Saturday 7 April 2012

Sister Molefe Goes on Strike

I hate it when people in rich countries refer to the diets of poor countries as “staples”. It makes them sound like livestock or pet animals. Yes, if you don’t have much else around but, say, corn, you will wind up eating a lot of tortillas or maize porridge. But I have seen African kids devouring tacos and Mexicans loving their spaghetti.

Sister Molefe lived in a hut near the main road in the Botswana village of Mogoditshane. She had four children under the age of twelve. She made beautiful tapestries for sale by interweaving yarn with the plastic fibres of feed sacks. Like most women of that place she could happily walk along, chatting to friends, with a baby slung papoose-style on her back, knitting as she went, meanwhile balancing a watermelon on her head.
One day I stopped in for a visit and found her lying on some sheets of cardboard in her yard. She had slung a piece of cloth between four sticks driven into the ground for shade. When I greeted her in the usual way, she didn’t respond. She lay with closed eyes in the posture of a corpse. Her son Nsimane told me that she had been that way for two days, drinking water, but refusing to eat. I said we needed to get her to a doctor as soon as possible.
            “She’s not sick,” he said. “She’s angry.”
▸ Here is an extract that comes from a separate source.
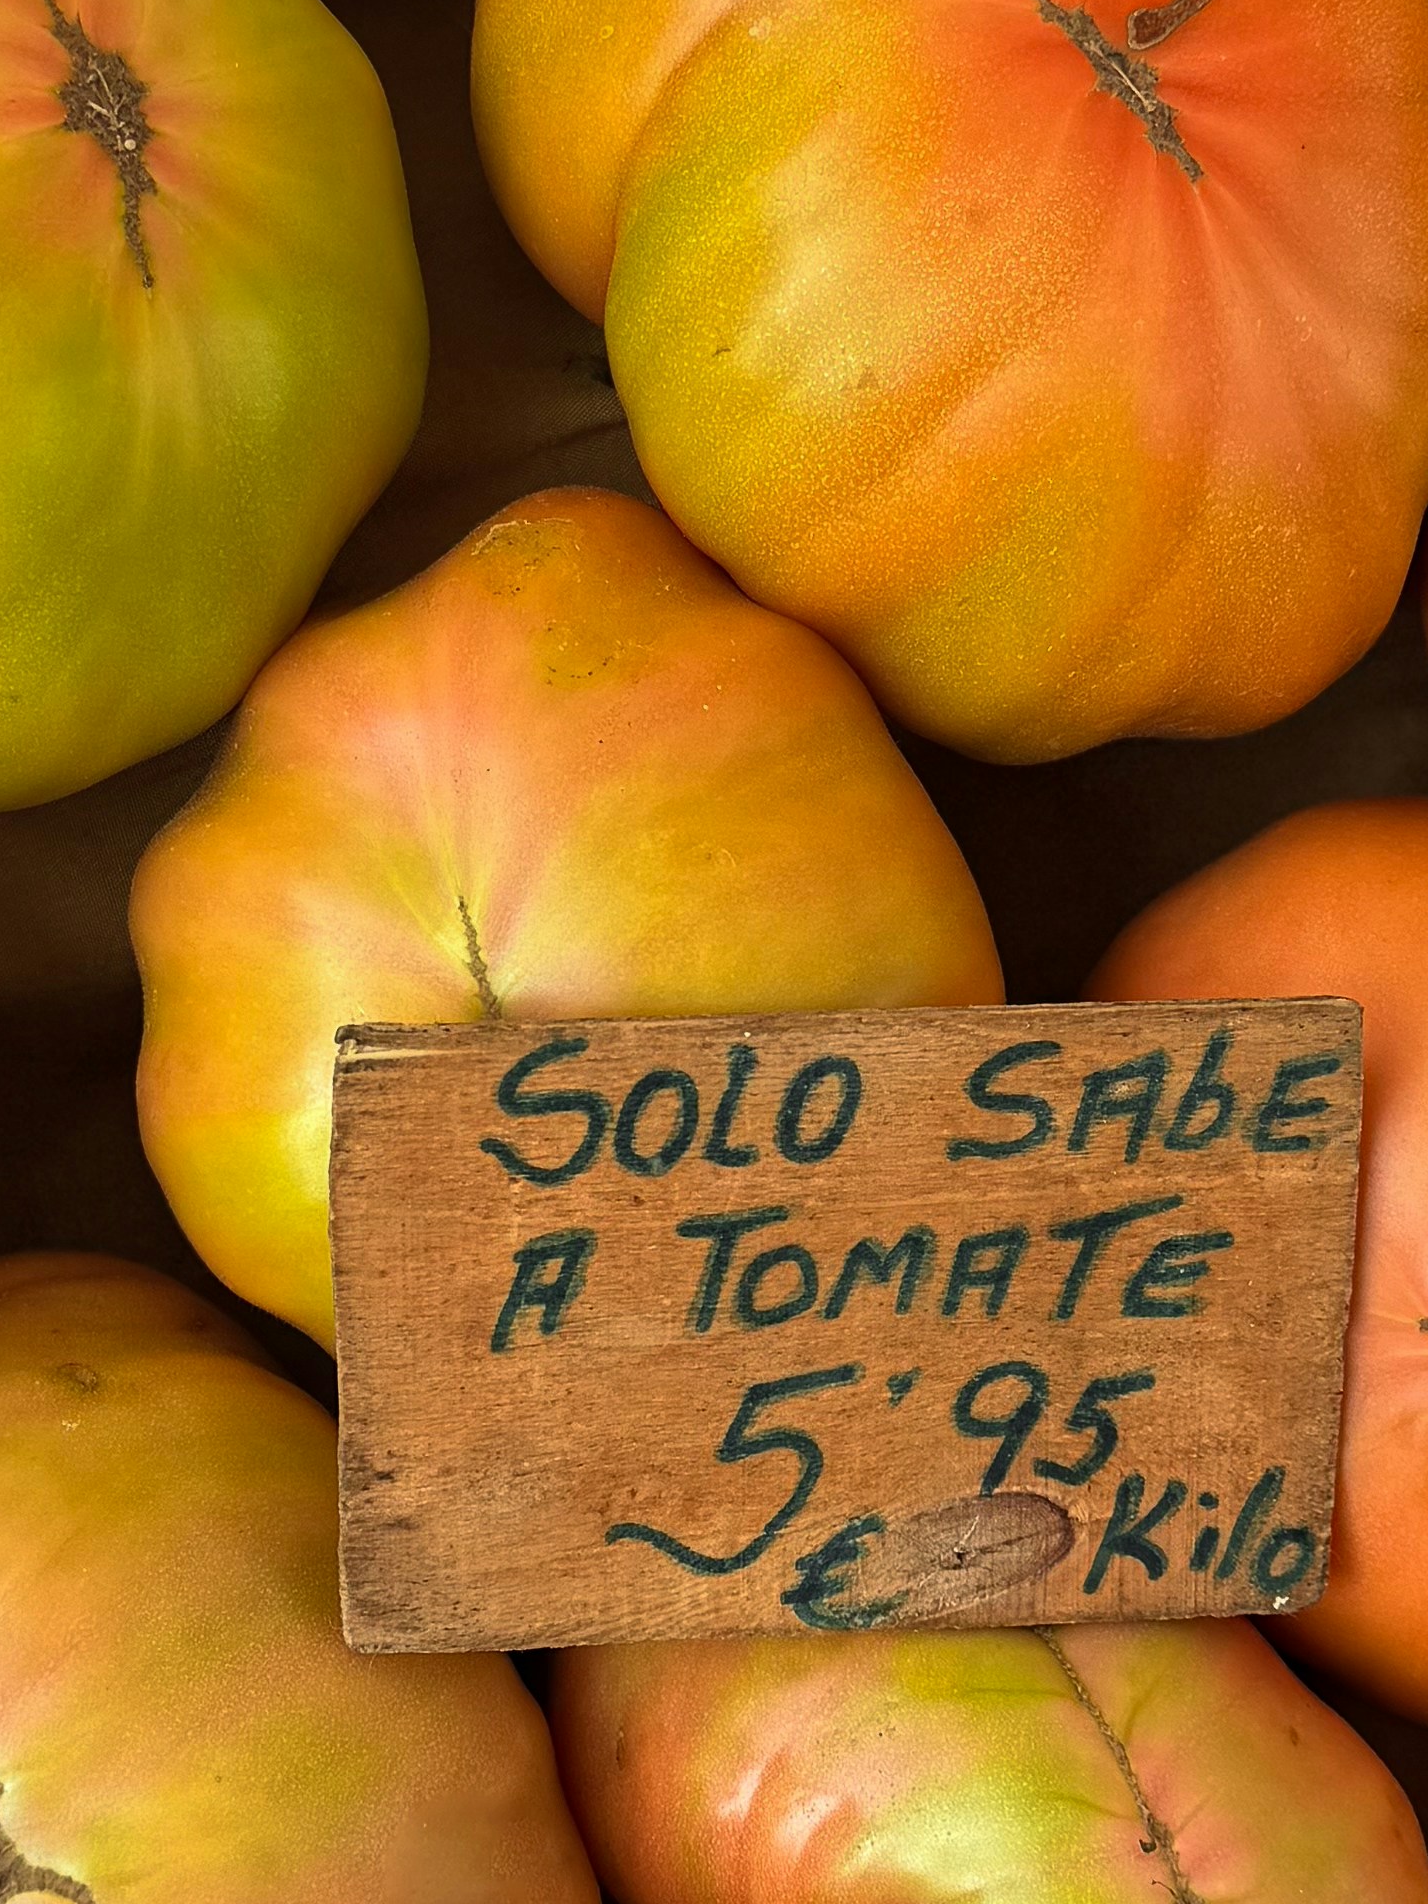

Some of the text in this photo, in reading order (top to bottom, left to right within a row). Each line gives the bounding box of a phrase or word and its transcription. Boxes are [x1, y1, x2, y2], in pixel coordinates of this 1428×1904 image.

We went over to Sister’s prone form together. “Ask her what’s the matter,” I told Nsimane. He spoke a few words in Setswana and she replied curtly.
           “She says she wants rice,” he said. “She says she won’t eat any more mabele (sorghum), and she won’t eat mealy meal.”

             I prevented myself from pointing out that maize and sorghum were the staple crops of southern Africa. I enjoyed eating both, occasionally. Rice is a wetlands crop, not grown at all in Botswana, and therefore expensive.

“Tell her that if she does not eat she will get sick and maybe die,” I told Nsimane.
            “She knows,” he said.

Sister opened her eyes and looked at me “I want rice,” she said.
            Later that afternoon my wife and I went into the capital and bought a fifty-pound sack of white rice from the cash and carry. I felt foolish doing it.  As development workers, we were supposed to encourage local people and help them find solutions, if any, to their own poverty.  Not buy them bags of rice. I said as much to my wife, who just said, “Art, don’t be stupid.”

We delivered the rice.  Sister Molefe didn’t comment.  I admired her for that.  She was simply receiving her due. There was no sign of the grateful native receiving bounty from foreign philanthropists.
            A month or so later, I dropped by the rondavel.  Sister was entertaining a clutch of women and their babies. They were all laughing and healthy looking. I noticed that they had been sharing a pot of mabele porridge. I spoke to Nsimane.

“What happened to the rice?” I asked.
            Nsimane shrugged.  “She’s tired of rice. She just eats mabele now.”